The over-expression of survivin could prevent the oxidative stress and toxicity of rotenone in SH-SY5Y cells

10^th International conference on Parkinson's and Movement Disorders

July 08, 2022 | Webinar

Arman Rahimmi

Kurdistan University of Medical Sciences, Iran

ScientificTracks Abstracts: J Neurol Clin Neurosci

Abstract :

Background and aim: It is important to find novel therapeutic molecular targets for curing Parkinson’s disease (PD). Accordingly, this study aimed to evaluate the effect of the over-expression of survivin gene, as a gene frequently reported as neuroprotective, on the in vitro model of PD. Methods: Survivin was over-expressed in SH-SY5Y cells. Next, the cells were treated with rotenone (500 nM) for 24 hours. Then, the viability and the total antioxidant capacity were assessed.

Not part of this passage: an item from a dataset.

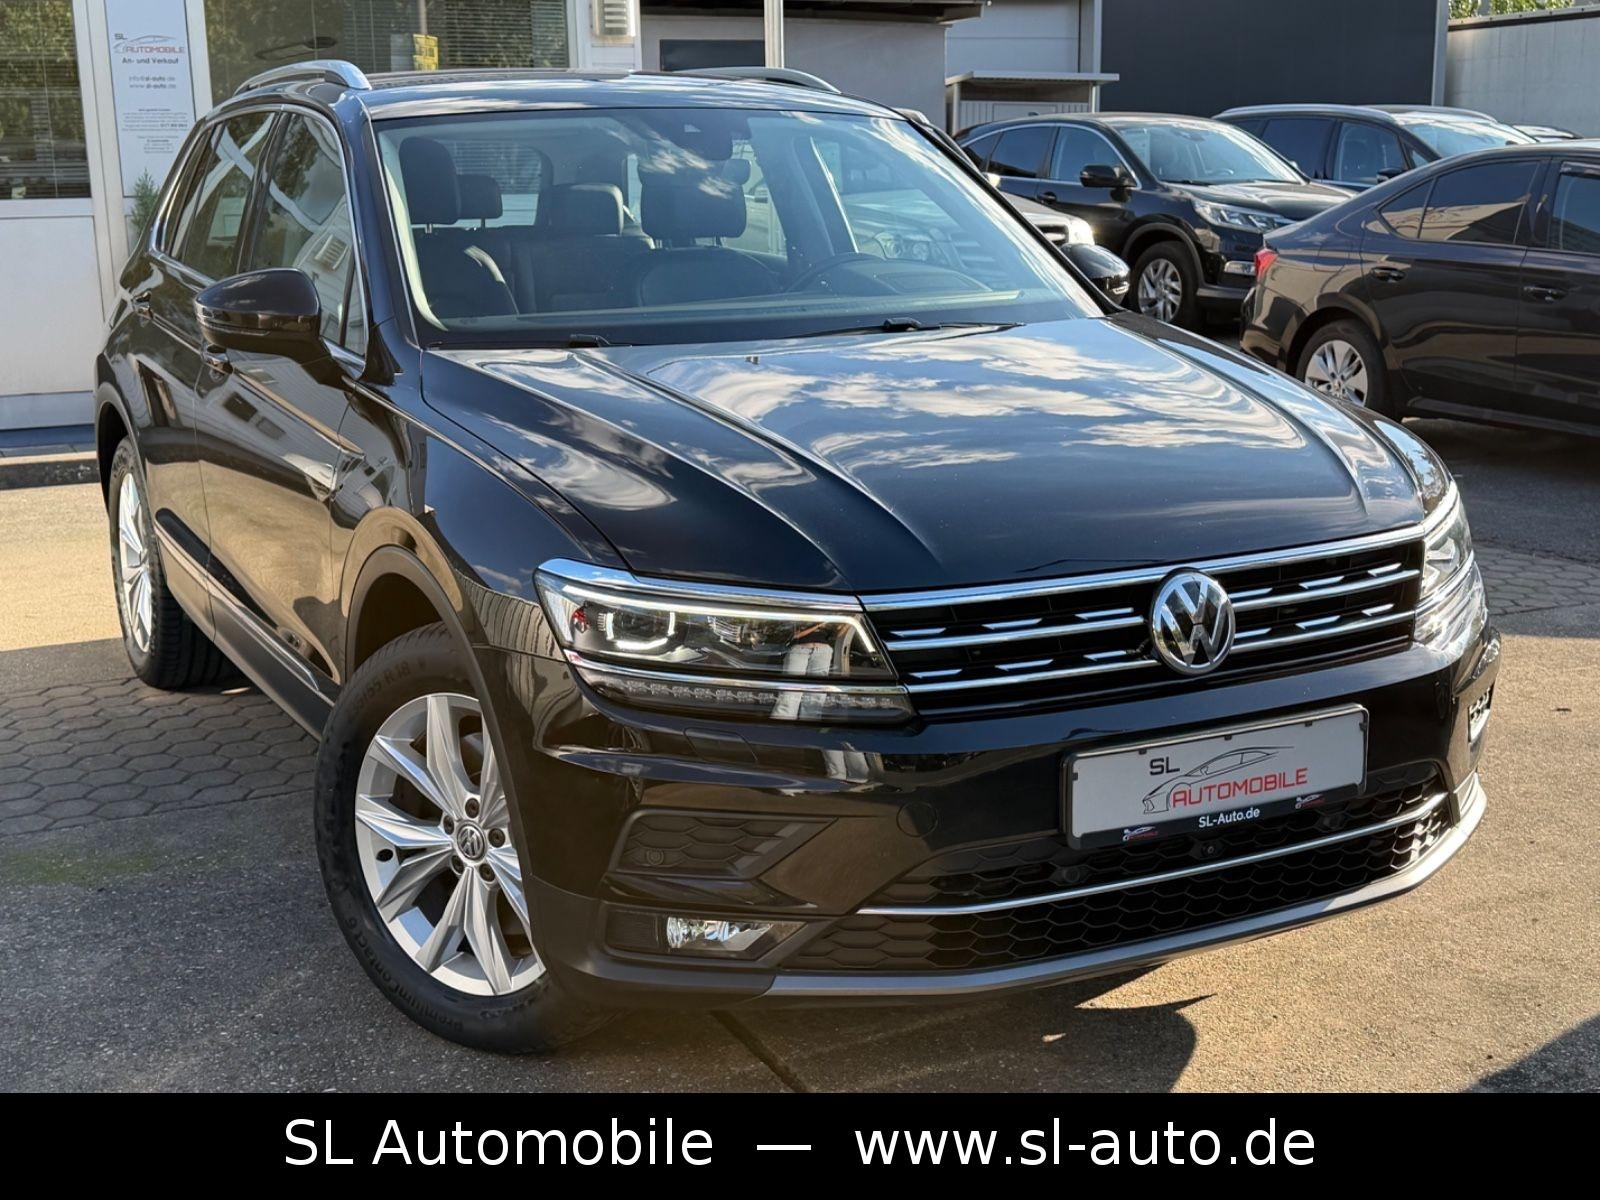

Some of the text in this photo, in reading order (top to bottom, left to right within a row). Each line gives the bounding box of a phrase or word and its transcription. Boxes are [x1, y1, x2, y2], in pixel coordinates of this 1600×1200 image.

[126, 46, 185, 54] AUTOMOBILE
[1149, 757, 1181, 776] SL
[1172, 767, 1309, 808] AUTOMOBILE
[1198, 807, 1261, 829] SL-Auto.de

The expression levels of 15 important genes of key cellular processes (oxidative stress, apoptosis, cell cycle, and autophagy) were assessed. The studied genes included survivin, superoxide dismutase, catalase, BAX, bcl2, caspase 3, caspase 8, caspase 9, p53, SMAC, β-catenin, mTOR, AMPK, ATG7, RPS18. The apoptosis level and the frequency of cell cycle stages were assessed by flow-cytometry. For analyzing the data, ANOVA test followed by Tukey’s test was used to evaluate the significant differences between the experimental groups. P < 0.05 was considered as significant. Results: Survivin could significantly decrease the rotenone-induced apoptosis in SH-SY5Y cells. The rotenone treatment leaded to down-regulation of catalase and upregulation of bax, bcl2, caspase 3, caspase 8, P53, β-catenin, and ATG7. Survivin could significantly neutralize the effect of rotenone in most of the genes. Survivin could also increase the total antioxidant capacity of SH-SY5Y cells. Conclusion: Survivin could prevent the toxic effect of rotenone on SH-SY5Y cells during the development of in vitro PD model via regulating the genes of key cellular processes, including anti-oxidation, apoptosis, cell cycle, and autophagy. Keywords: Parkinson’s disease, survivin, Apoptosis, Autophagy, Oxidative stress. Recent Publications: Arman Rahimmi, Sima Tozandehjani, Mona Daraei, The neuroprotective roles of Dietary Micronutrients on Parkinson’s disease: a review May 2022, Molecular Biology Reports, DOI:10.1007/s11033-022-07345-w Arman Rahimmi, Drawbacks to h-index, as a factor assessing the scientific impact and the scientific credit of a researcher June 2021, Collnet Journal of Scientometrics and Information Management 14(2):331-333, DOI:10.1080/097 37766.2021.1906183 Arman Rahimmi Effect of lobeglitazone on motor function in rat model of Parkinson’s disease with diabetes comorbidity May 2021, Brain Research Bulletin 173:184-192.

Biography :

Arman is Ph.D. of Molecular Medicine from Kurdistan University of Medical Sciences, Sanandaj, Iran. Arman does his researches exclusively in the field of neurodegenerative diseases, especially Parkinson's disease since 2012. He has performed several research projects about pathophysiology of PD, novel therapies, optimizing animal models of PD, etc. He is well-experienced in several cellular and molecular techniques, designing projects, and scientific writing. He is going to continue his scientific career as a postdoctoral researcher abroad.